As critical as the conduct of the bargain is for Gauthier, so also is the initial situation of the bargainers. That is, if the agreement is to be rational, the bargainers they will have had to find themselves there freely. An indispensable condition for Gauthier, it reflects an understanding on the part of each bargainer that his or her advantage cannot come from disadvantaging the other bargainers.

As a strategy, Gauthier’s version of contractarianism has to assume that in the absence of a contract, the prevailing circumstances in which each of the parties find themselves is unworkable. In acknowledging this, they find sufficient reason to pursue reciprocated concessions designed sufficiently to surmount the original inability to collaborate in the absence of a contract and thus, but now with an agreement, reasonably ensure compliance with the terms of the contract.
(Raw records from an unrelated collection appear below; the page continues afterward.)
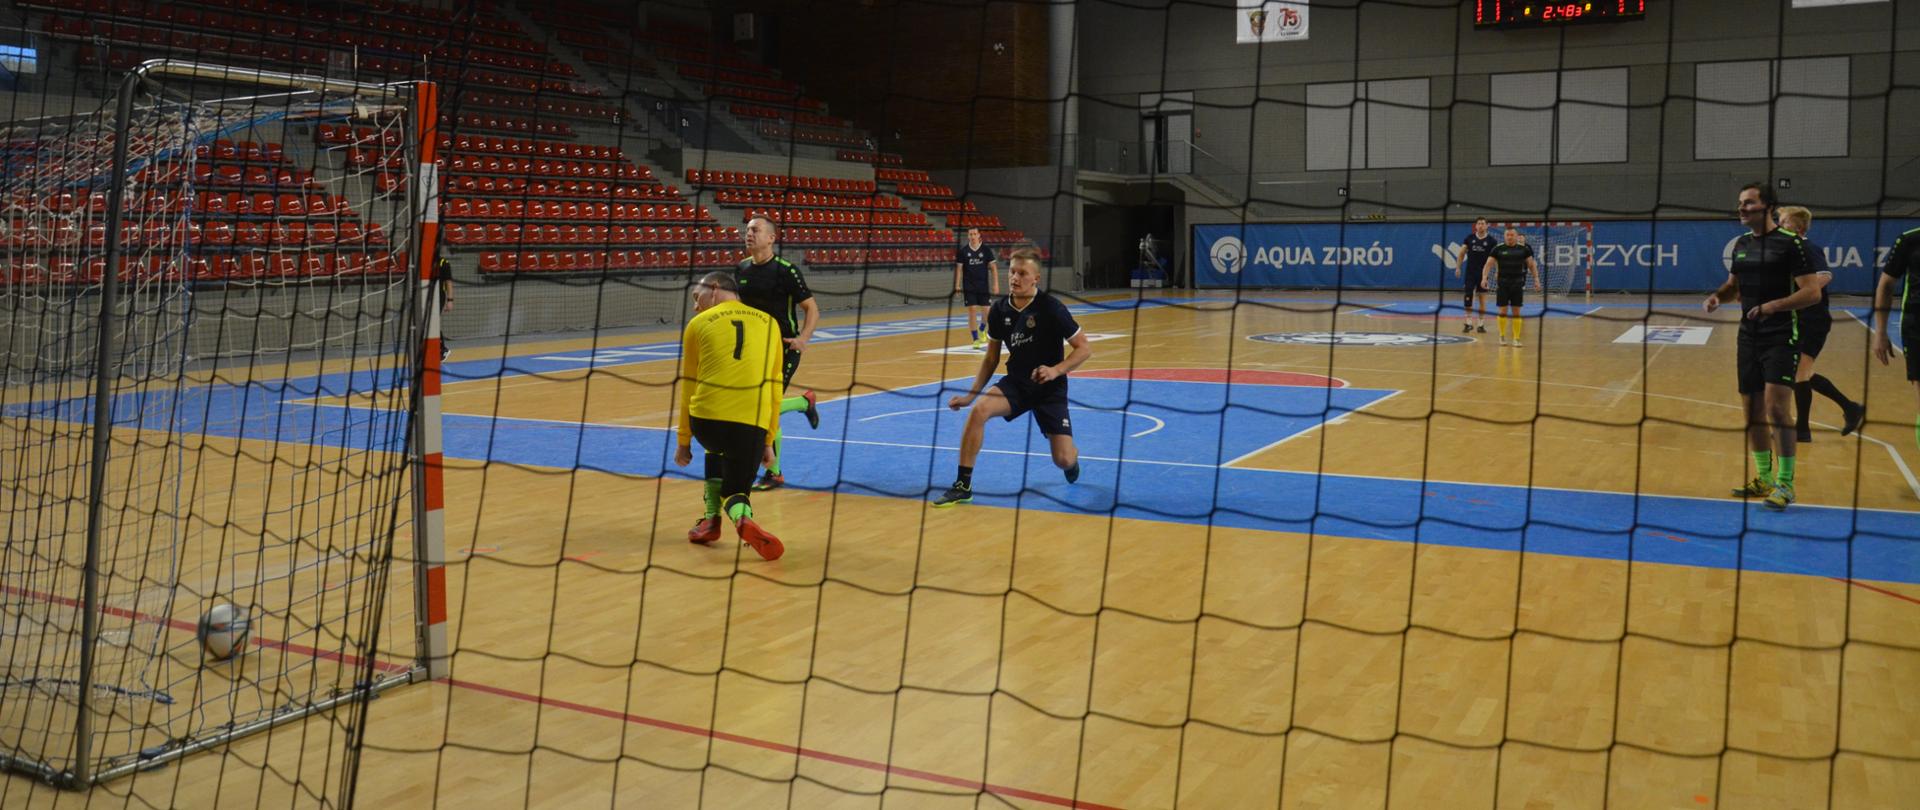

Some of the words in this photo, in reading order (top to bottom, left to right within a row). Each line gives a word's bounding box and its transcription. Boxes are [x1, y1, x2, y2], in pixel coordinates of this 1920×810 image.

[1253, 247, 1316, 269] AQUA
[1322, 241, 1394, 266] ZDRÓJ
[1537, 243, 1678, 267] ŁBRZYCH
[1823, 246, 1864, 268] UA
[731, 319, 744, 361] 1
In ethics, no one is obliged to fulfil the impossible. It may be argued that the problems, both scientific and institutional, discussed here render a sustained Phase IV agenda extremely difficult if not impossible. Of the two sets of problems, the scientific problems are the most easily addressed. And while the institutional problems pose serious difficulties as we try to reconcile the quite disparate objectives of patients’ well being, clinical research, regulation, insurance, and health policy converging in the Phase IV enterprise, the strategy stipulated in Gauthier’s contractarianism provides a reasonable and practical approach that would put a universally acceptable research model within reach. In which case, if we know how it can be done, and done for the moral good embodied in the concept of the Phase IV enterprise, then we ought to conduct, as a matter of course, Phase IV research.